PROBLEM: Leave out the pictures and restate every entry word for word.

┄┄┄┄┄┄┄┄┄┄┄┄┄┄┄┄┄┄┄┄

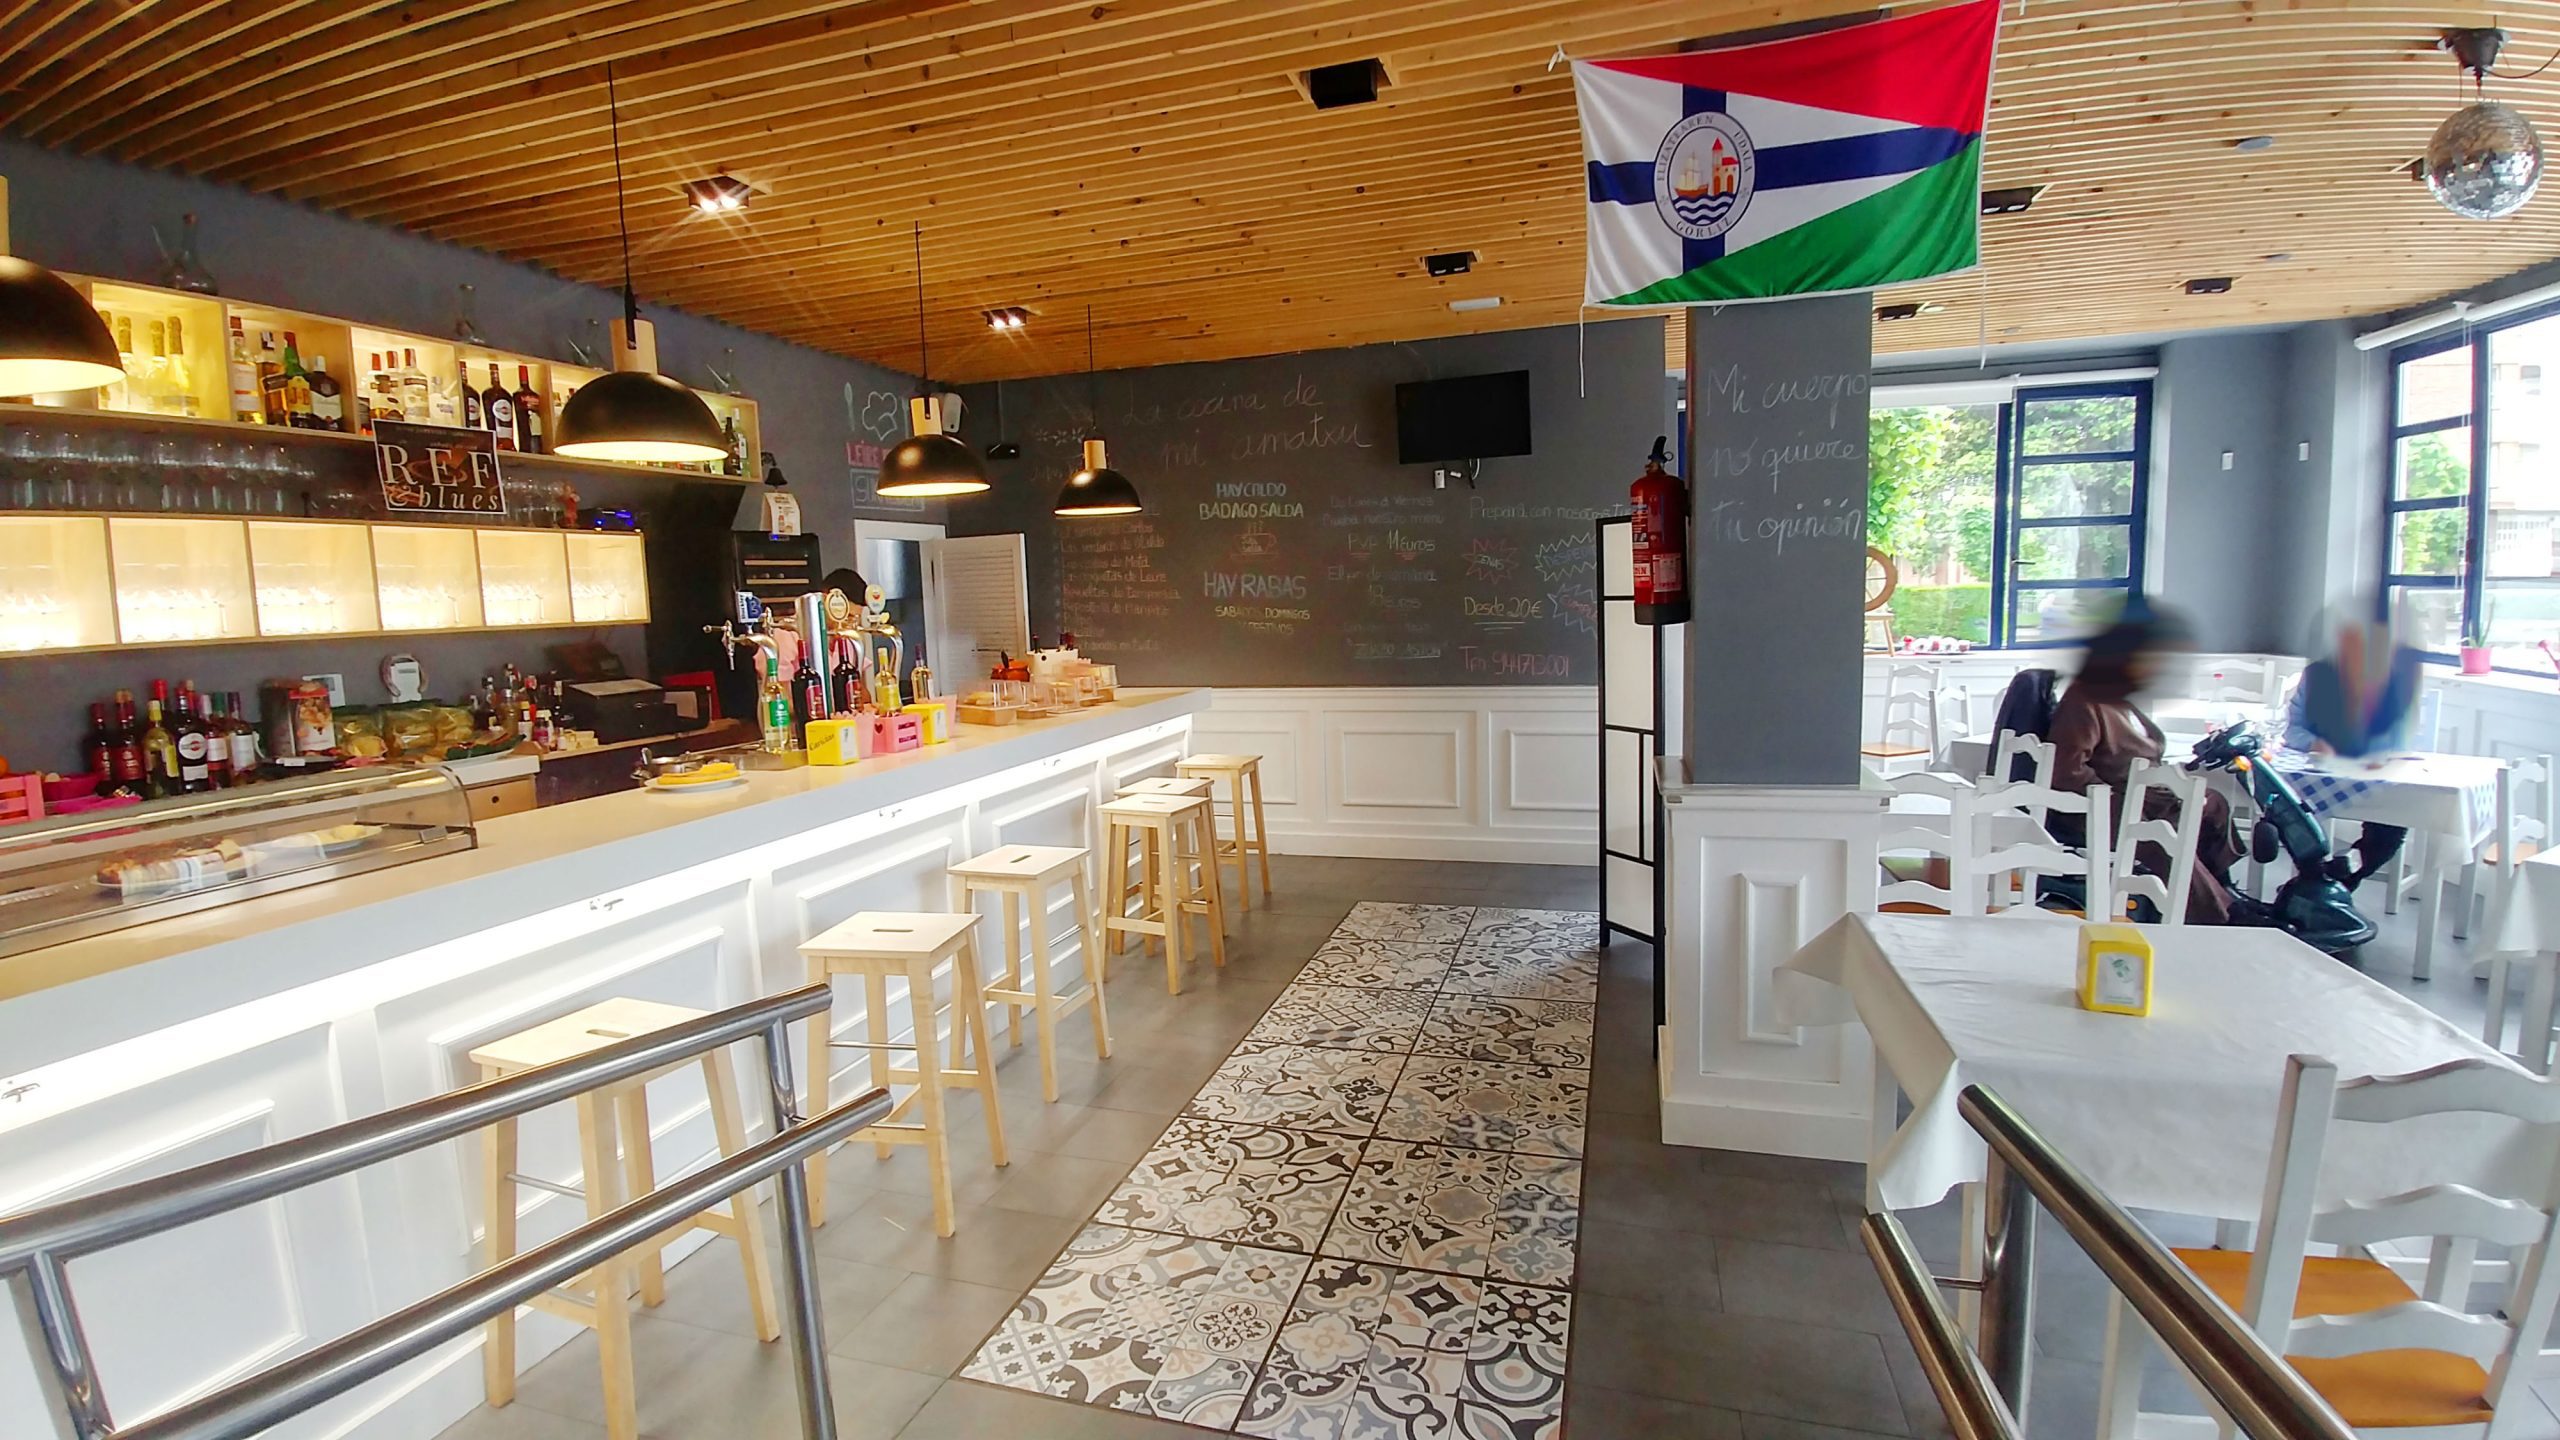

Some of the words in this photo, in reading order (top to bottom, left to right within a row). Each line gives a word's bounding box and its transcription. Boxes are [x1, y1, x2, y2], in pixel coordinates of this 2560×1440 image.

[1283, 372, 1325, 409] de
[1706, 363, 1752, 417] Mi
[1761, 373, 1868, 431] cuerpo
[378, 443, 494, 490] REF
[1761, 431, 1864, 495] quiere
[418, 484, 499, 511] blues
[1199, 502, 1258, 521] BADAGO
[1259, 502, 1305, 519] SALDA
[1757, 497, 1862, 557] opinión
[1203, 570, 1239, 598] HAY
[1241, 573, 1307, 600] RABAS
[1464, 596, 1504, 617] Desde

┄┄┄┄┄┄┄┄┄┄┄┄┄┄┄┄┄┄┄┄

ANSWER BELOW:
Some of the words in this photo, in reading order (top to bottom, left to right within a row). Each line gives a word's bounding box and its transcription. Boxes are [x1, y1, x2, y2], in pixel coordinates of this 2560×1440 image.

[1283, 372, 1325, 409] de
[1706, 363, 1752, 417] Mi
[1761, 373, 1868, 431] cuerpo
[378, 443, 494, 490] REF
[1761, 431, 1864, 495] quiere
[418, 484, 499, 511] blues
[1199, 502, 1258, 521] BADAGO
[1259, 502, 1305, 519] SALDA
[1757, 497, 1862, 557] opinión
[1203, 570, 1239, 598] HAY
[1241, 573, 1307, 600] RABAS
[1464, 596, 1504, 617] Desde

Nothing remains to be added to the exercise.